Angélica Moreno

Lucha interna

El sabor metálico es placentero. Siento que soy invencible con cada gota, no puedo parar a pesar de los quejidos. Mis oídos se bloquean cuando sus lamentos imploran que pare. Mi cuerpo está rebosante, pletórico. Una vez más la bestia ha ganado. 

No puedo creer que lo haya vuelto a hacer. Yo no elegí ser así. Dicen que una madre da la vida por sus hijos. Que prevalece el pensamiento por ellos antes que por uno mismo. En mi caso fue un castigo y tengo que vivir eternamente con la lucha de no querer mi parte irracional. La culpa me viste desde hace años. El dolor me atraviesa el pecho cuando regreso a la realidad. Los sentimientos ahora se duplican. ¿Quién desea estar muerto en vida? Nadie me ha enseñado a convivir en la oscuridad.

Los recuerdos agolpan mi memoria mientras de mi boca gotea la vida de personas inocentes. Había ido al bar con el propósito de tomar un trago de whisky para calmar mis pensamientos y tratar de encajar el plan ante la búsqueda del grimorio familiar. Todo ha empezado por el tipo que estaba sentado a mi derecha.

No paraba de susurrarme vulgaridades, le advertí por tres veces. Pero no, su ego de macho alfa y su aspecto de cavernícola no aceptaban mi rechazo. Posó una de sus manos sin consentimiento sobre el bajo de mi espalda y trató de acercarme por la fuerza a su cuerpo sudoroso. Las comisuras de sus labios se alzaron dejando ver una asquerosa y falsa sonrisa mellada que borró de inmediato cuando sus ojos se encontraron con los míos. 

Los ojos de la muerte, como así me bautizaron siglos atrás. Su pulso acelerado fue el sonido que terminó por apagar la humanidad con la trato de lidiar cada maldito día. La rabia contenida fue saciándose con cada persona que estaba en aquel local. 

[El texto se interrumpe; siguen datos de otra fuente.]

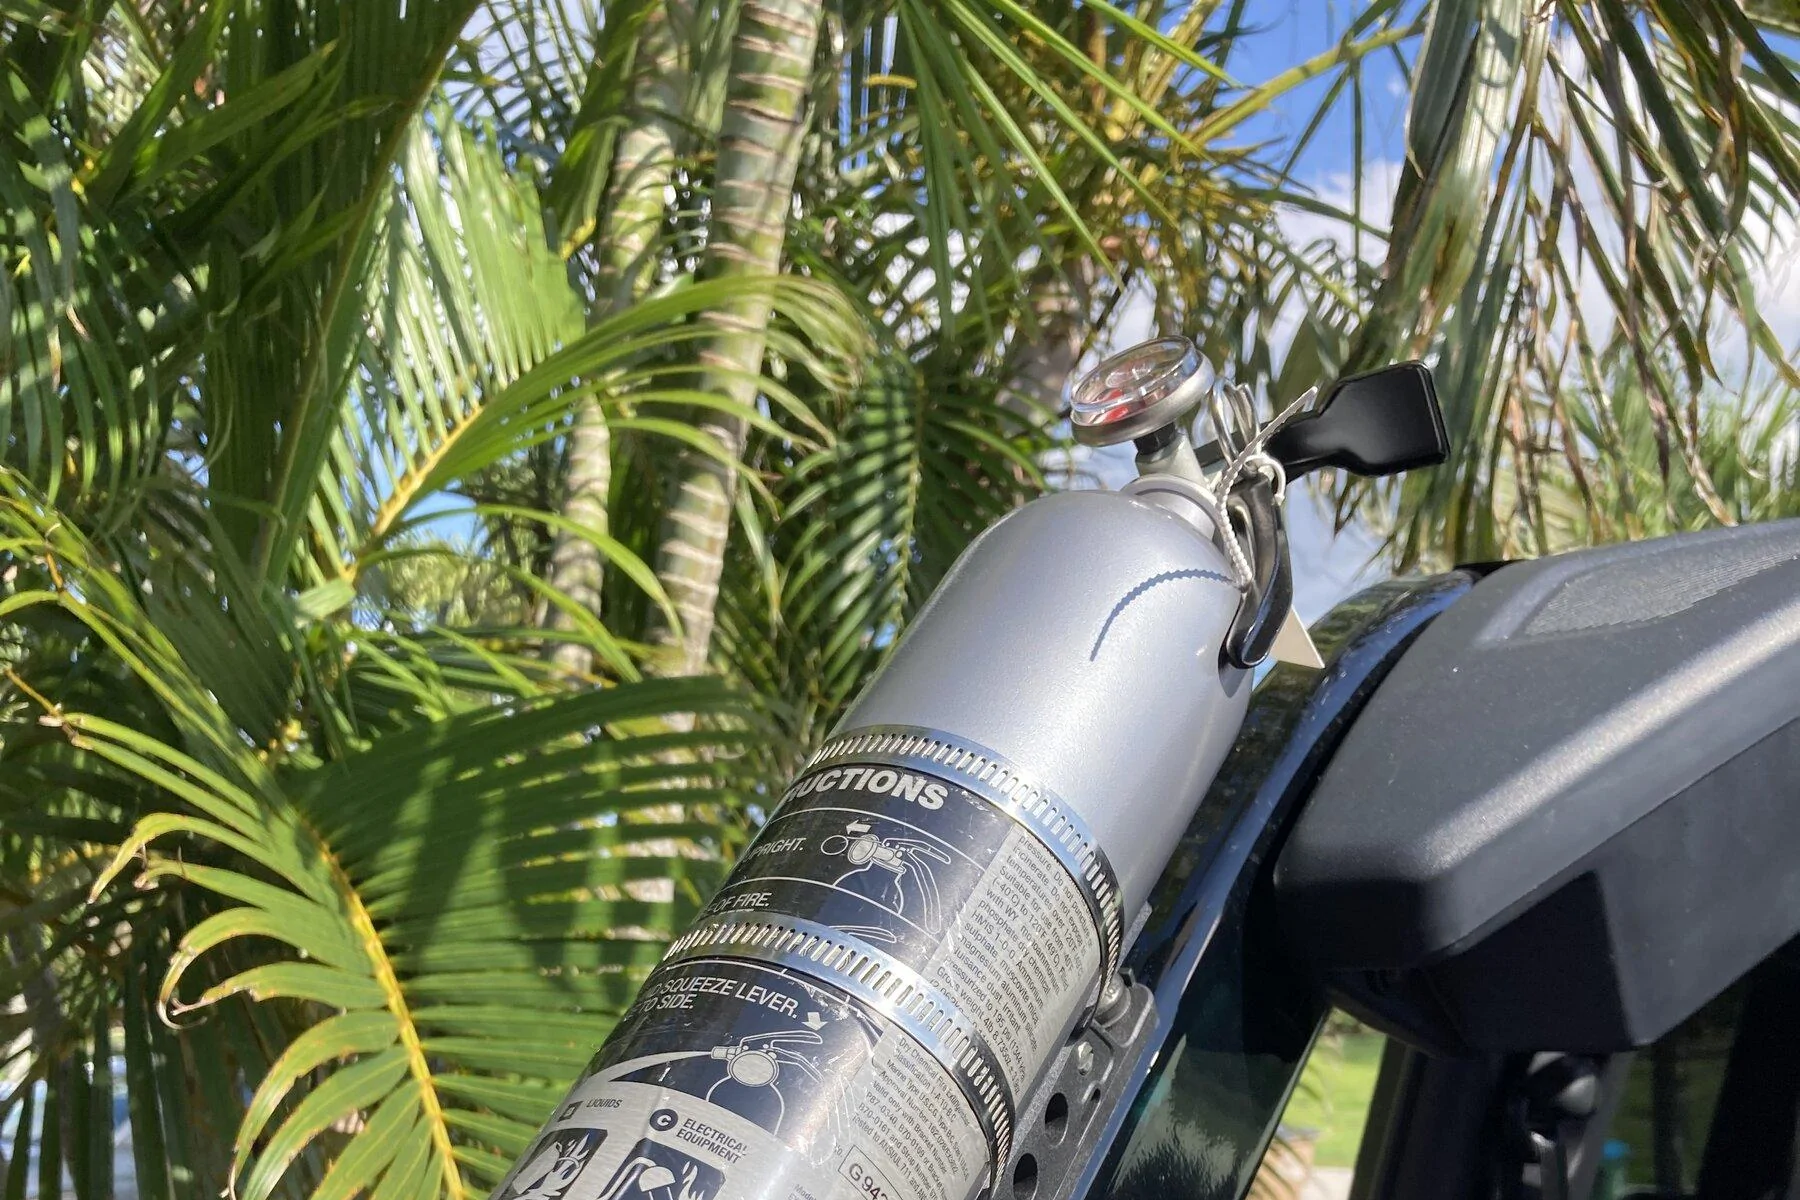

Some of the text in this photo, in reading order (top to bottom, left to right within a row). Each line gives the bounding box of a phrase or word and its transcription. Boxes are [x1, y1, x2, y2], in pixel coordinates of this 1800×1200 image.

No veía rostros, la sed me cejaba. En menos de cinco minutos tenía frente a mí más de veinte cadáveres, la mayoría con la cabeza desgarrada. 

Pude verme en el reflejo del espejo salpicado que había tras la barra. Mi agudizado sentido del oído percibía un corazón nervioso que parecía salirse del pecho. Miré por el local hasta que lo encontré. Agazapado en la esquina del tocadiscos temblando sin atreverse a mirarme.

Caminé hasta él, me agaché para quedar a su altura, el olor del miedo inundaba mis fosas nasales. Sus manos temblorosas sujetaban un triste cuchillo, se lo arrebaté tirándolo al suelo y le dije:

Te aseguro que si pudiera borrar mi existencia lo haría. Pero no sé como matar a un inmortal de sangre púrpura. Confieso que las estacan no valen, la plata no me hiere y la verbena me hace más fuerte. La condena que arrastro es eterna, no puedo encerrar a mi otro yo. Tampoco puedo mentir ante lo que siento cuando la sangre humana roza mis labios. Amo esa parte sin proponérmelo. Vete, vete antes de regrese. Todos pensarán que estás borracho.

Y una vez más incendié el lugar para no dejar rastro. Me fui como hago siempre a otro sitio para tratar de encontrar el libro de mi difunta madre donde está el hechizo para acabar con alguien como yo. Un detalle que no pensé antes de despellejarla por completo.